(Beginning of INFORMATION SUPPLIED)
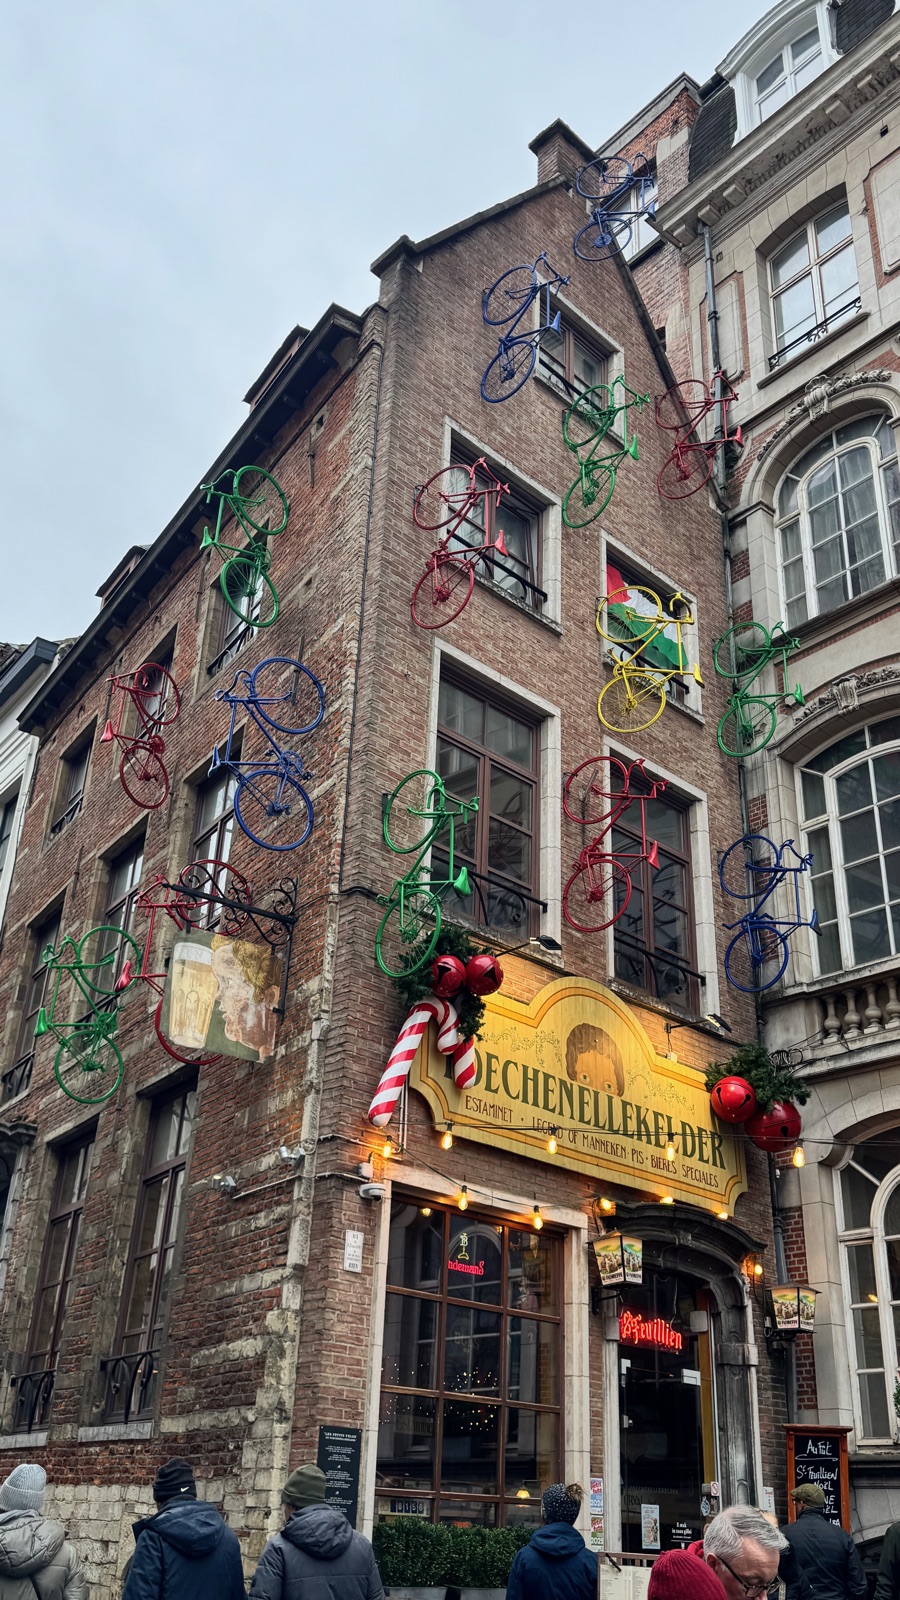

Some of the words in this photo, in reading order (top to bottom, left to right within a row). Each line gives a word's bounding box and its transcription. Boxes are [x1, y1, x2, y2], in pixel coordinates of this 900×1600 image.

[444, 1047, 726, 1170] ECHENELLEKELDER
[465, 1095, 513, 1123] ESTAMINET
[568, 1129, 579, 1144] OF
[582, 1133, 627, 1160] MANNEKEN
[631, 1148, 645, 1165] PIS
[651, 1154, 678, 1175] BIERES
[681, 1164, 719, 1188] SPECIALES
[806, 1439, 817, 1454] Au
[397, 1502, 425, 1512] 8156
(End of INFORMATION SUPPLIED)
WHAT YOU HAVE TO DO:
Except for the pictures, print the data above exactly.

EXERCISE RESPONSE:
Some of the words in this photo, in reading order (top to bottom, left to right within a row). Each line gives a word's bounding box and its transcription. Boxes are [x1, y1, x2, y2], in pixel coordinates of this 900×1600 image.

[444, 1047, 726, 1170] ECHENELLEKELDER
[465, 1095, 513, 1123] ESTAMINET
[568, 1129, 579, 1144] OF
[582, 1133, 627, 1160] MANNEKEN
[631, 1148, 645, 1165] PIS
[651, 1154, 678, 1175] BIERES
[681, 1164, 719, 1188] SPECIALES
[806, 1439, 817, 1454] Au
[397, 1502, 425, 1512] 8156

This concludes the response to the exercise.